# Can cures go bad?



## buzzy (Feb 2, 2020)

I’m dry curing bacon with TQ. Ran out of new cure but still had 4 3#ers to do. Had a old bag of Sugar cure TQ in back of cupboard. 8-10 years old. It had drawed in some moisture. Even had some hard chucks in bag that could not be broken up by hand. Not thinking ahead didn’t mark bags. Now 6 days in an I have some bags with no fluid or slurry in them. Others have in them. Is this a bad sign or just different cuts of meat thing? Yes there was 1 Tbs. /# used. Thanks in advance for all insights.


----------



## Bearcarver (Feb 2, 2020)

Normally I'd say no problem, however the 8 to 10 years isn't as bad as the fact that it drew in moisture & had hard lumps in it. I'd toss it & get some new.
Different meat produces various amounts of liquid during curing, but usually all the bags in the same batch would be similar to each other.

Bear


----------



## daveomak (Feb 2, 2020)

Is this the cure you are using ??  It should be fine...    It was stored dry and dark...


----------



## Bearcarver (Feb 2, 2020)

daveomak said:


> Is this the cure you are using ??  It should be fine...    It was stored dry and dark...
> 
> View attachment 430879




Did you read the original post?

Bear


----------



## daveomak (Feb 2, 2020)

Yes...


----------



## thirdeye (Feb 2, 2020)

Did you happen to add a tablespoon or so of bottled water to your bags to act as a starter?  It's not unusual for me to see more liquid in one bag than another and always attributed that to the liquid content of the individual belly itself.  
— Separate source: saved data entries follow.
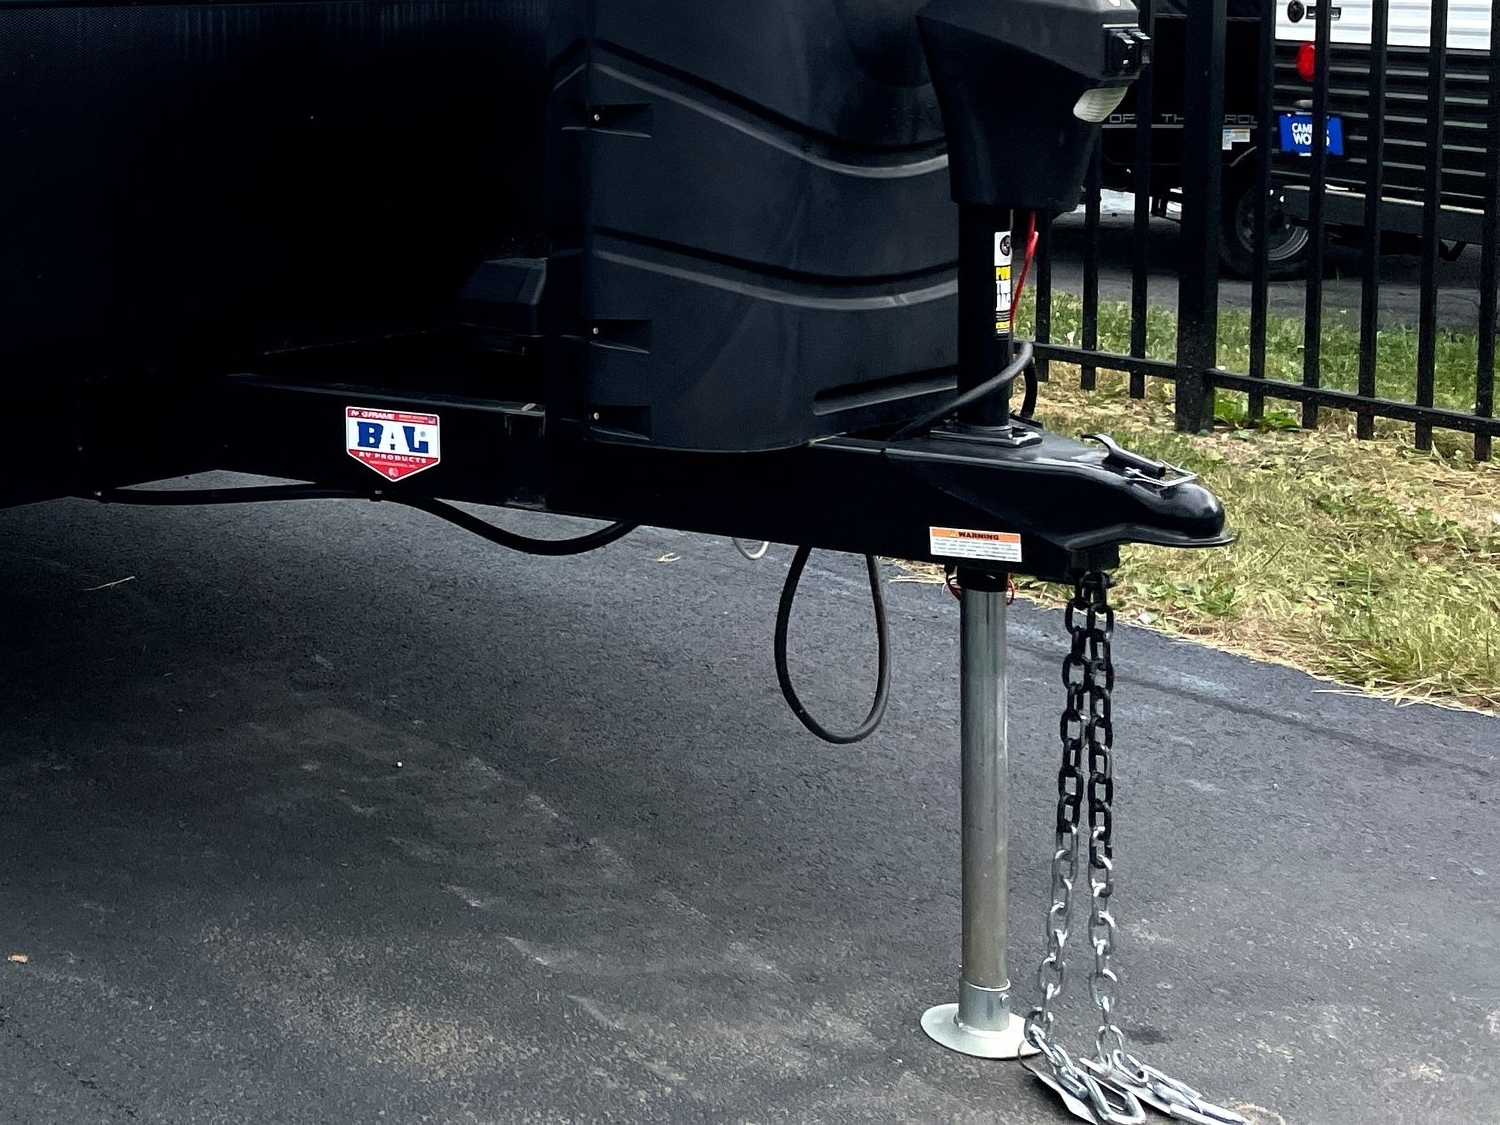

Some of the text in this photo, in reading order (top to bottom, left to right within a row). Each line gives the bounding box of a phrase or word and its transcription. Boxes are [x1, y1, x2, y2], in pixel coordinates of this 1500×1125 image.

[356, 421, 429, 453] BAL
[375, 453, 427, 464] PRODUCTS
[958, 531, 1000, 541] WARNING
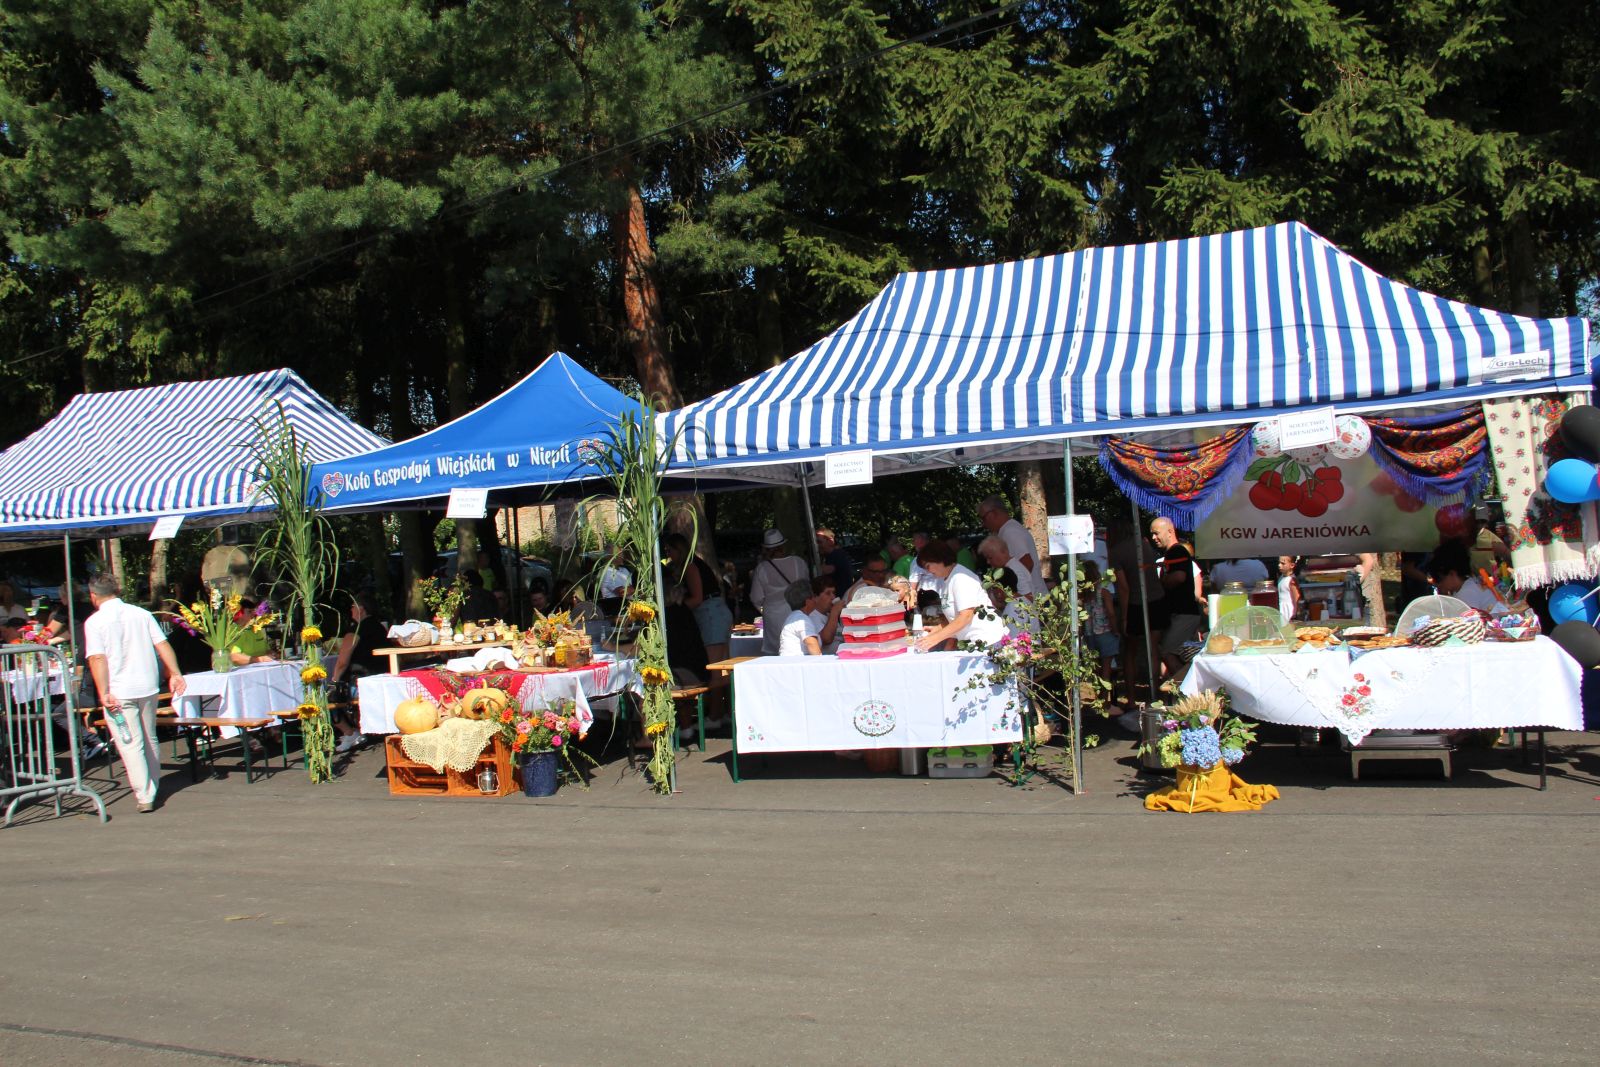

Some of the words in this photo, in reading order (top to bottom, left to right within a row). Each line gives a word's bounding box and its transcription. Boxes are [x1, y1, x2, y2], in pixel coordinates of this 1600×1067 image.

[1496, 357, 1544, 367] Gra-Lech
[345, 472, 371, 492] Koło
[374, 459, 431, 486] Gospodyń
[437, 452, 496, 477] Wiejskich
[507, 453, 520, 468] w
[1220, 527, 1257, 539] KGW
[1261, 523, 1371, 539] JARENIÓWKA
Clumping inside the bag of TQ would be a sign for me to purchase a new bag.... but I would bet you are okay if you were able to pull your 12 tablespoons from the unaffected cure mix. With home curing safety in mind, Morton's has a good process for thoroughly blending the nitrite and nitrate into the salt/sugar carrier, and it remains "in suspension" so to speak, meaning it's less likely to settle out. And, once the product contacts the pork belly it's going to begin to liquefy anyway.


----------



## dan the mano (Feb 2, 2020)

daveomak said:


> Is this the cure you are using ??  It should be fine...    It was stored dry and dark...
> 
> View attachment 430879


hey when using the mortons tender cure , do/can you still add their normal amount of salt as what the recipe calls for . thank you


----------



## buzzy (Feb 2, 2020)

Bearcarver said:


> Normally I'd say no problem, however the 8 to 10 years isn't as bad as the fact that it drew in moisture & had hard lumps in it. I'd toss it get some new.
> Different meat produces various amounts of liquid during curing, but usually all the bags in the same batch would be similar to each other.
> 
> Bear



All ready tossed with new bag on list of things to get at next trip to grocery store.


----------



## buzzy (Feb 2, 2020)

dan the mano said:


> hey when using the mortons tender cure , do/can you still add their normal amount of salt as what the recipe calls for . thank you



No don’t do that. TQ is mostly salt to carry the nitrates & nitrites.


----------



## buzzy (Feb 2, 2020)

daveomak said:


> Is this the cure you are using ??  It should be fine...    It was stored dry and dark...
> 
> View attachment 430879



Yes it is. I was concerned because of lack of liquids in some bags compared to others. I’ve never seen this before with fresh butchered hogs.


----------



## Bearcarver (Feb 2, 2020)

buzzy said:


> Yes it is. I was concerned because of lack of liquids in some bags compared to others. I’ve never seen this before with fresh butchered hogs.




Like I said:
#1 My main concern was when you said in your first post your TQ Drew moisture, during the 8 to 10 years, and had some hard chunks that could not be broken by hand.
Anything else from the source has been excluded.